A l'évidence, je me suis trop longtemps laissée vivre au lieu de créer une vie qui soit la mienne...il est temps de me rattraper. Je crois que je suis sur le bon chemin, ces quelques heures passées avec les ados me le confirment.


* "Improvisation théâtrale", du nom officiel de cette activité grandiose. Pour ceux qui ne connaîtraient pas, il s'agit pour deux équipes de s'affronter lors d'un match amical en improvisant de courtes scènes sur des thèmes et selon des contraintes imposés par l'arbitre. A Genève, l'activité est bien développée, je vous recommande fortement d'aller regarder l'un des matches, gratuits, de la ligue amateur, qui ont lieu, si ça n'a pas changé, les mercredis soirs à 20h. Renseignements sur www.impro.ch.

6 commentaires:

Elise a dit…

ça m'inspire, tout ce que tu as écrit là. C'est aussi complètement ce que je me pose comme questions : pourquoi n'avoir trouvé ma voie qu'à 30 ans (plutôt, c'est ma voie qui m'a trouvée !), pourquoi avoir "perdu" tout ce temps... Mais en réalité, le temps qu'on "perd" à faire autre chose que ce qui nous correspond n'est pas perdu ! Ce qui est exquis met du temps à mûrir !

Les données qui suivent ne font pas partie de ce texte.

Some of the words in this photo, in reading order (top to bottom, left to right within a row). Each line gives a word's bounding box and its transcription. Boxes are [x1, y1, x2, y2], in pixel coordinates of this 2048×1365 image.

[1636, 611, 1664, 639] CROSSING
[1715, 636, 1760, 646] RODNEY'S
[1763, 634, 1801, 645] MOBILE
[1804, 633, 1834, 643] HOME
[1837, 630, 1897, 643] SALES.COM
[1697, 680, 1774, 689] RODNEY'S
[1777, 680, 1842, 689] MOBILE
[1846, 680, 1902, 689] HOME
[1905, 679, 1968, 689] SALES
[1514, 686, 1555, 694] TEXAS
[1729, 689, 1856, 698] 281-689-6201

On a tous la faculté d'influencer les autres, en tout cas d'influencer leurs choix de vie, consciemment ou pas. Nous-mêmes nous avons, à un moment donné, "dépendu" d'une autre personne, grâce à une rencontre inopinée qui a fait basculer notre destin.

J'essais aussi d'expliquer ceci à mon groupe de jeunes à la paroisse : il n'y a pas de voie toute tracée, dans la vie. On ne fait pas du droit pour reprendre l'étude de papa, ou de la médecine dentaire parce qu'on va ouvrir un cabinet avec sa meilleure amie hygiéniste... Et bien souvent, on ne travaille pas dans la branche qu'on a étudiée pendant des années ! La vie réserve des tas de surprises ! Mais, ça on ne le sait pas à l'avance, sinon personne n'irait à l'uni 5 ou 6 ans, et ce qui est génial, c'est que quand on entre à l'uni à 19 ans, on n'a pas la même maturité qu'en en sortant à 25 voire à 30 et c'est là qu'on s'aperçoit que c'est bien ridicule !!! Les études, ce sont juste des clés pour nous permettre d'ouvrir des portes qui cachent un présent auquel on ne s'attendait pas, c'est ça, la Vie !!

Je crois quer toi et moi, on a des parcours différents, mais la même philosophie de vie, au fond. Je sens que ces prochaines années (quand tu seras revenue poser tes valises au bout du Lac ! Hum, j'espère un jour, qd même, sinon j'irai te trouver là où tu seras !), nos conversations vont être bien riches !

Bises.

Anonyme a dit…

Il me faudrait ta recette... mais je peux pas me barrer, MOI, j'ai cinq chats à charge...hum. T'as quand même de la chance d'avoir une famille qui s'occupe des choses plus terre à terre genre les factures, hein.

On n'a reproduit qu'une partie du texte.